This is exactly to the heart of my post: Overt racism v. Color-blind racism, an epic battle between two false choices all played out on a personalized level. No structural analysis, nor attendance to systemic racism/classism, and no ability to draw the straight line to consideration of race class gender in the law and its’ enforcement….There is another way..
Last week in Part 1, CI examined a recent report from the Malcolm X Grassroots Movement, Operation Ghetto Storm: 2012 Annual Report on the extrajudicial killing of 313 Black people by police, security guards and vigilantes.
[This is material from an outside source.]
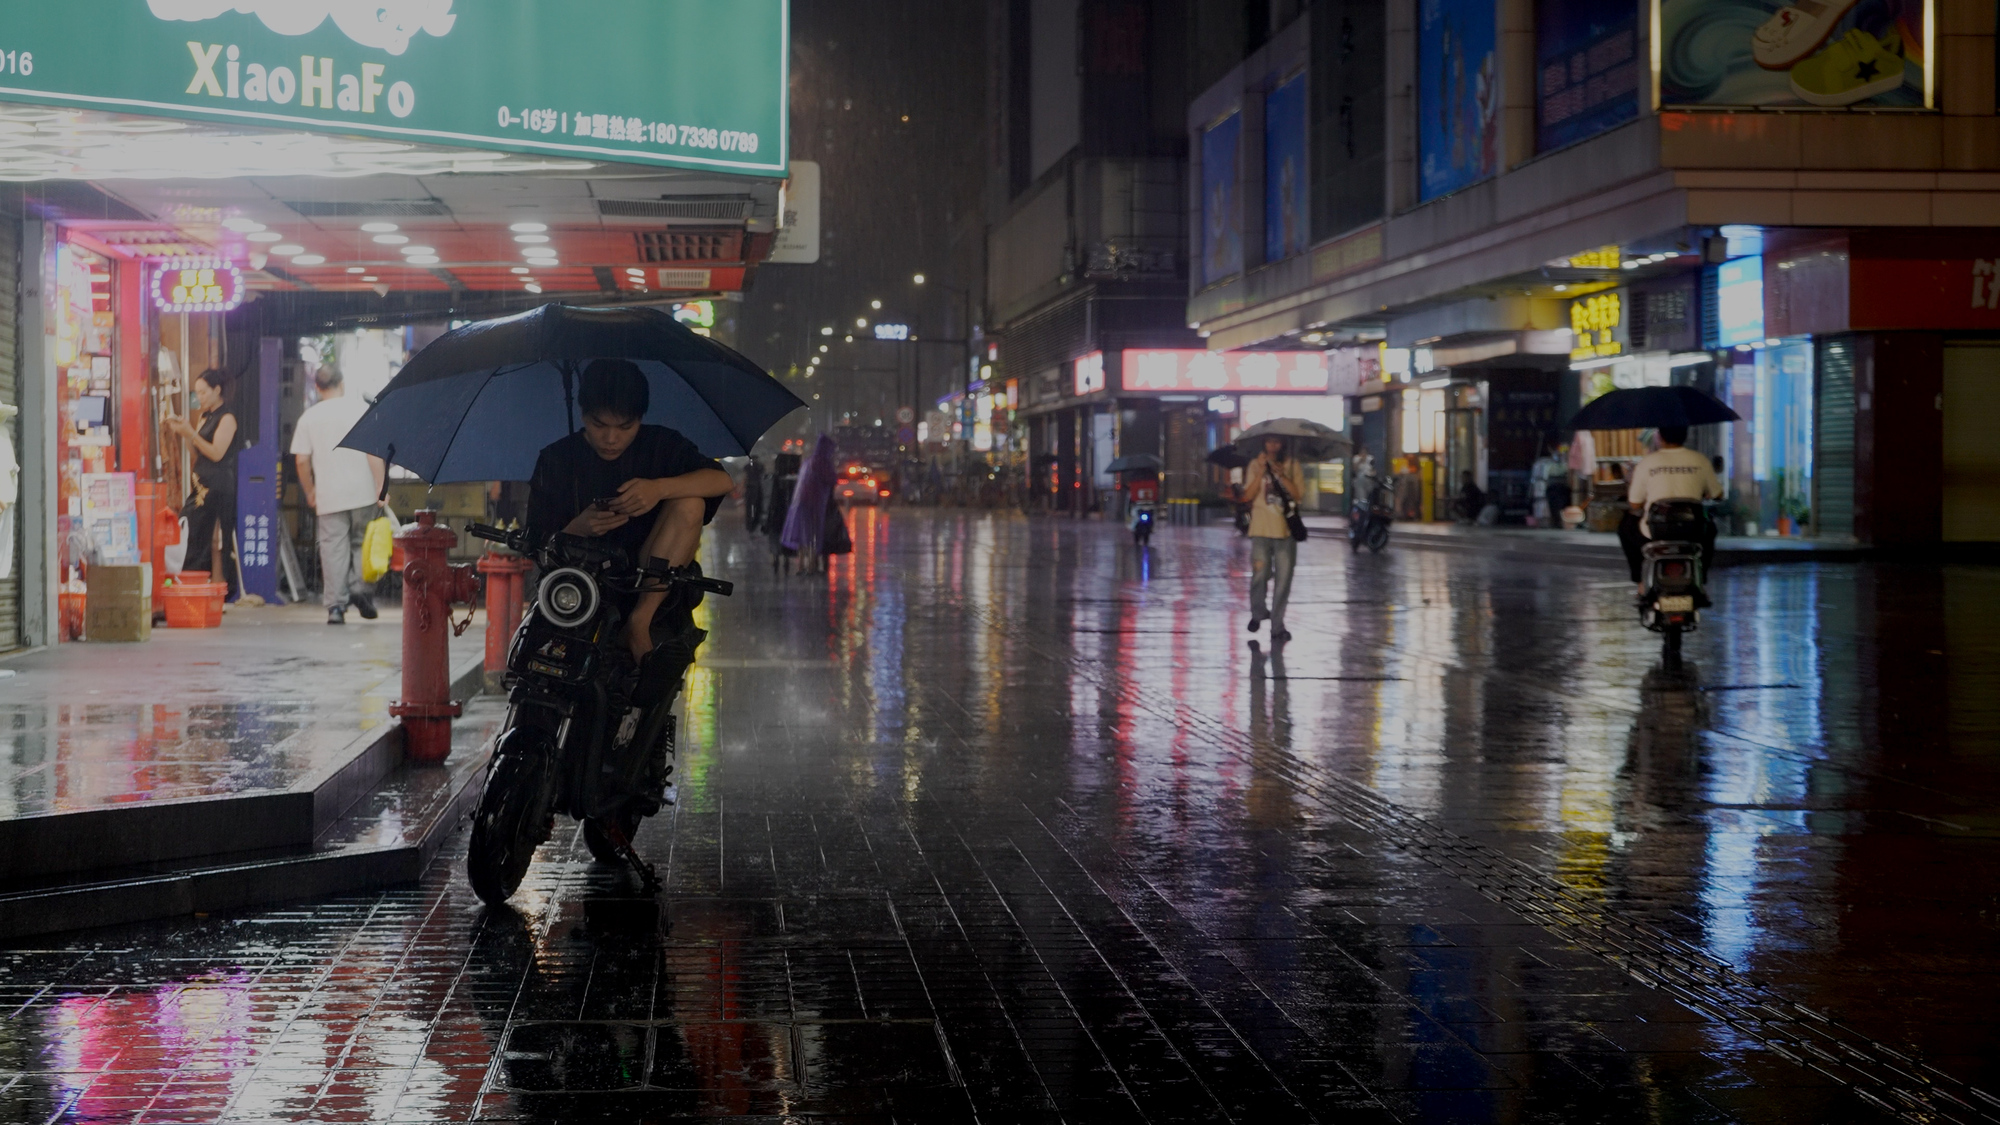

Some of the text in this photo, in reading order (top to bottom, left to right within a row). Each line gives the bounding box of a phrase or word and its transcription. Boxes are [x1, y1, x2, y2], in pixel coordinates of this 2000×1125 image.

[185, 41, 415, 118] XiaoHaFo
[679, 125, 718, 149] 7336
[720, 130, 758, 153] 0789
The report illustrated, in the extreme, how the criminalizing archetype – as attached to Black Men in particular- becomes the excuse for, quite frankly, Genocide.
MXGM makes it plain that ” the practice of executing Black people without pretense of a trial, jury, or judge is an integral part of the government’s current overall strategy of containing the Black community in a state of perpetual colonial subjugation and exploitation.”
It is a War Against Black People, and certainly, extra-judicial killings represent just one aspect of this criminalizing war:
These killings come on top of other forms of oppression black people face. Mass incarceration of nonwhites is one of them. While African-Americans constitute 13.1% of the nation’s population, they make up nearly 40% of the prison population. Even though African-Americans use or sell drugs about the same rate as whites, they are 2.8 to 5.5 times more likely to be arrested for drugs than whites. Black offenders also receive longer sentences compared to whites. Most offenders are in prison for nonviolent drug offenses
And how does this War persist without national outrage? With no declared State of Emergency? With so few proposed remedies?
Short answer: White Supremacy.
The devil, of course, is always in the longer details, and so today we turn to a deeper exploration of “color-blind” racism, the central role of criminalizing archetypes, the complicity of Left, Center and Right, and dare we hope?? – a way out of the color-blind fog..
The Post Civil Rights Era and Color-blind Racism
White supremacy – once writ large in the law via slavery and Jim Crow segregation – was removed from its’ legalized pedestal with the Civil Rights Act of 1964, The Voting Rights Act of 1965 and finally, The Fair Housing Act of 1968. The law became “race-neutral” and it now suddenly was illegal to discriminate on the basis on race.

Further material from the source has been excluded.